§ **WHAT TO PRODUCE**
Each entry below is to be extracted exactly.

[DATA TO USE — start]

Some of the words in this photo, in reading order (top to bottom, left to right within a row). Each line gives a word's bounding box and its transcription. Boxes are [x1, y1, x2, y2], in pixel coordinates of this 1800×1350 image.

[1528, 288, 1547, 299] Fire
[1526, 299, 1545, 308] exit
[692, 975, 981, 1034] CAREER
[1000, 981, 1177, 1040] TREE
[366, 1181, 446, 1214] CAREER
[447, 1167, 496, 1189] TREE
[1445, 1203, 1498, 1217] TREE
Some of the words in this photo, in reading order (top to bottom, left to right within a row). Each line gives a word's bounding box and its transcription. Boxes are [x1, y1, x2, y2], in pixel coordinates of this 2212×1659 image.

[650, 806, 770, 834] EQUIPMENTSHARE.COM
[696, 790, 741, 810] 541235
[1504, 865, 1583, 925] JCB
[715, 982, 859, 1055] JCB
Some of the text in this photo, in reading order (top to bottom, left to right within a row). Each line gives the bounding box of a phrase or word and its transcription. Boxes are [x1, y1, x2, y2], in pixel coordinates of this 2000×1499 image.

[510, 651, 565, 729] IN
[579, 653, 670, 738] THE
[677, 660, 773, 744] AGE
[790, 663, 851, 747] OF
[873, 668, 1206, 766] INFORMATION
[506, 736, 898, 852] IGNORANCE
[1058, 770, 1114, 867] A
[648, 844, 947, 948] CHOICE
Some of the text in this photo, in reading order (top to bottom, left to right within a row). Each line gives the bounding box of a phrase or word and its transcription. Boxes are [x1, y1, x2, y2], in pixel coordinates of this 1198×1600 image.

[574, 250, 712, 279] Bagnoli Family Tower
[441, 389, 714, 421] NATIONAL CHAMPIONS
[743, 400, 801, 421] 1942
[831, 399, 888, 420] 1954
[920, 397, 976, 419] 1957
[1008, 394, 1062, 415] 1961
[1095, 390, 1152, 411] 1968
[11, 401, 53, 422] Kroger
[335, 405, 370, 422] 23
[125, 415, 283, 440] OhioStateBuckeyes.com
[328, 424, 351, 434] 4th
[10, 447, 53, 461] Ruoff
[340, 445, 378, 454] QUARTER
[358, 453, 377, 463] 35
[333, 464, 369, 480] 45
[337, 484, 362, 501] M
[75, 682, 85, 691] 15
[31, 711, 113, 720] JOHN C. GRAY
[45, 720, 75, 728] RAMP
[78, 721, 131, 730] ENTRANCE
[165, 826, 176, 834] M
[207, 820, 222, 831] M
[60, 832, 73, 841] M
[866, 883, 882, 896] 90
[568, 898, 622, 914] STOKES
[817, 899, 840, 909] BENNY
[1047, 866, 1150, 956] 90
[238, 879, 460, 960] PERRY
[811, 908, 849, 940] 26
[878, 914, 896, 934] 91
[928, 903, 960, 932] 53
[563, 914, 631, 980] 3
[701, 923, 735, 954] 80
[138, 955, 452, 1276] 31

[DATA TO USE — finish]

§ **EXERCISE RESULT**
Some of the words in this photo, in reading order (top to bottom, left to right within a row). Each line gives a word's bounding box and its transcription. Boxes are [x1, y1, x2, y2], in pixel coordinates of this 1800×1350 image.

[1528, 288, 1547, 299] Fire
[1526, 299, 1545, 308] exit
[692, 975, 981, 1034] CAREER
[1000, 981, 1177, 1040] TREE
[366, 1181, 446, 1214] CAREER
[447, 1167, 496, 1189] TREE
[1445, 1203, 1498, 1217] TREE
Some of the words in this photo, in reading order (top to bottom, left to right within a row). Each line gives a word's bounding box and its transcription. Boxes are [x1, y1, x2, y2], in pixel coordinates of this 2212×1659 image.

[650, 806, 770, 834] EQUIPMENTSHARE.COM
[696, 790, 741, 810] 541235
[1504, 865, 1583, 925] JCB
[715, 982, 859, 1055] JCB
Some of the text in this photo, in reading order (top to bottom, left to right within a row). Each line gives the bounding box of a phrase or word and its transcription. Boxes are [x1, y1, x2, y2], in pixel coordinates of this 2000×1499 image.

[510, 651, 565, 729] IN
[579, 653, 670, 738] THE
[677, 660, 773, 744] AGE
[790, 663, 851, 747] OF
[873, 668, 1206, 766] INFORMATION
[506, 736, 898, 852] IGNORANCE
[1058, 770, 1114, 867] A
[648, 844, 947, 948] CHOICE
Some of the text in this photo, in reading order (top to bottom, left to right within a row). Each line gives the bounding box of a phrase or word and its transcription. Boxes are [x1, y1, x2, y2], in pixel coordinates of this 1198×1600 image.

[574, 250, 712, 279] Bagnoli Family Tower
[441, 389, 714, 421] NATIONAL CHAMPIONS
[743, 400, 801, 421] 1942
[831, 399, 888, 420] 1954
[920, 397, 976, 419] 1957
[1008, 394, 1062, 415] 1961
[1095, 390, 1152, 411] 1968
[11, 401, 53, 422] Kroger
[335, 405, 370, 422] 23
[125, 415, 283, 440] OhioStateBuckeyes.com
[328, 424, 351, 434] 4th
[10, 447, 53, 461] Ruoff
[340, 445, 378, 454] QUARTER
[358, 453, 377, 463] 35
[333, 464, 369, 480] 45
[337, 484, 362, 501] M
[75, 682, 85, 691] 15
[31, 711, 113, 720] JOHN C. GRAY
[45, 720, 75, 728] RAMP
[78, 721, 131, 730] ENTRANCE
[165, 826, 176, 834] M
[207, 820, 222, 831] M
[60, 832, 73, 841] M
[866, 883, 882, 896] 90
[568, 898, 622, 914] STOKES
[817, 899, 840, 909] BENNY
[1047, 866, 1150, 956] 90
[238, 879, 460, 960] PERRY
[811, 908, 849, 940] 26
[878, 914, 896, 934] 91
[928, 903, 960, 932] 53
[563, 914, 631, 980] 3
[701, 923, 735, 954] 80
[138, 955, 452, 1276] 31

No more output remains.